# DIRECTIONS FOR THIS TASK
Your copy should match the entries exactly, with the pictures left out.

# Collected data
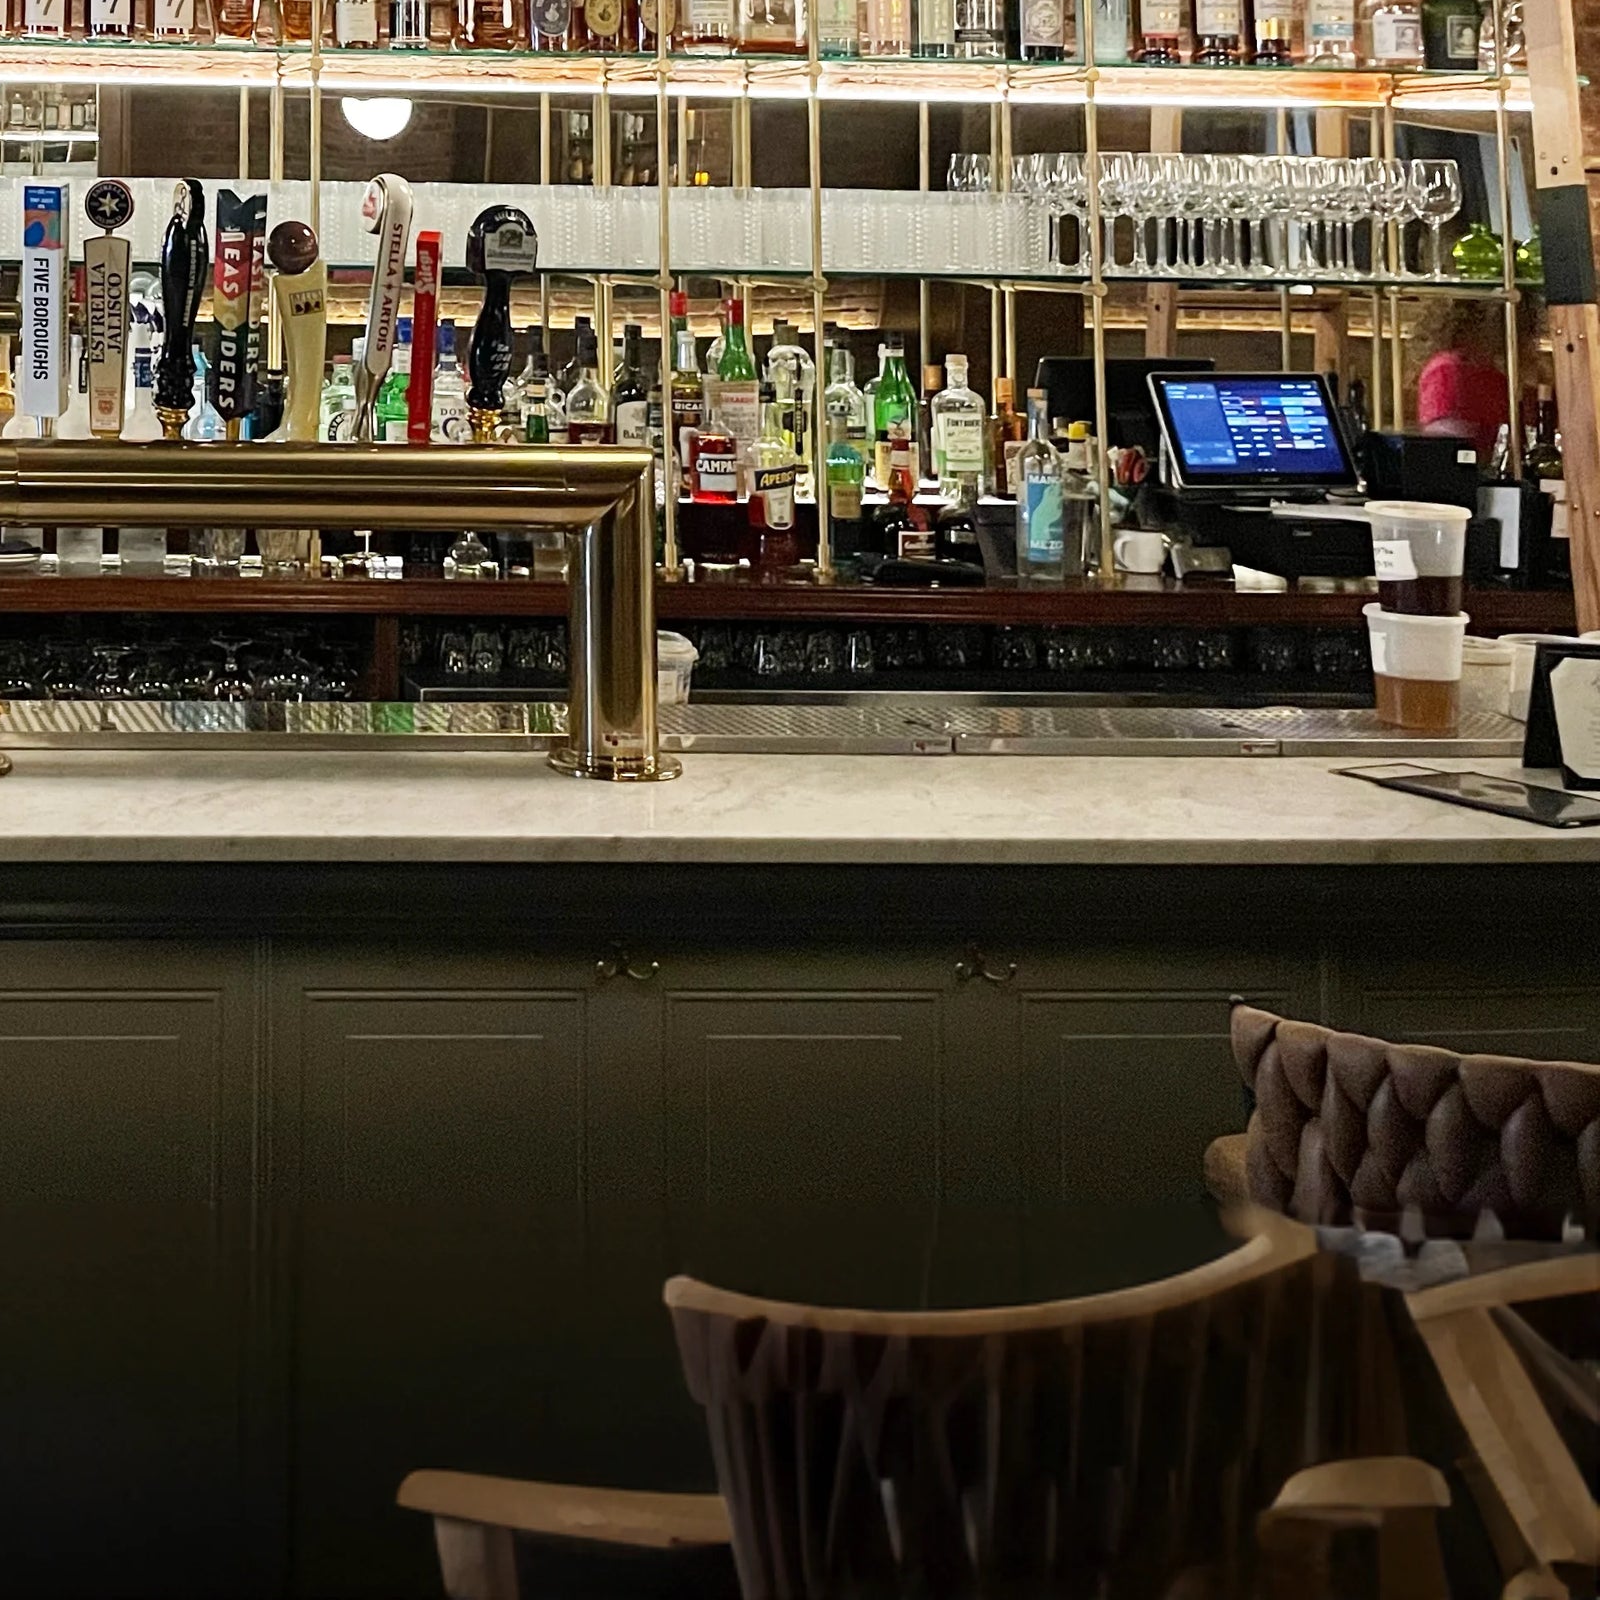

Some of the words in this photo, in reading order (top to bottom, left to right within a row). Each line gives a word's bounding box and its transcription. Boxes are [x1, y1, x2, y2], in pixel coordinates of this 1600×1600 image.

[33, 257, 49, 293] FIVE
[386, 223, 404, 277] STELLA
[33, 296, 49, 381] BOROUGHS
[91, 262, 106, 365] ESTRELLA
[107, 272, 123, 355] JALISCO
[376, 290, 393, 352] ARTOIS

# EXERCISE RESULT
Some of the words in this photo, in reading order (top to bottom, left to right within a row). Each line gives a word's bounding box and its transcription. Boxes are [x1, y1, x2, y2], in pixel coordinates of this 1600×1600 image.

[33, 257, 49, 293] FIVE
[386, 223, 404, 277] STELLA
[33, 296, 49, 381] BOROUGHS
[91, 262, 106, 365] ESTRELLA
[107, 272, 123, 355] JALISCO
[376, 290, 393, 352] ARTOIS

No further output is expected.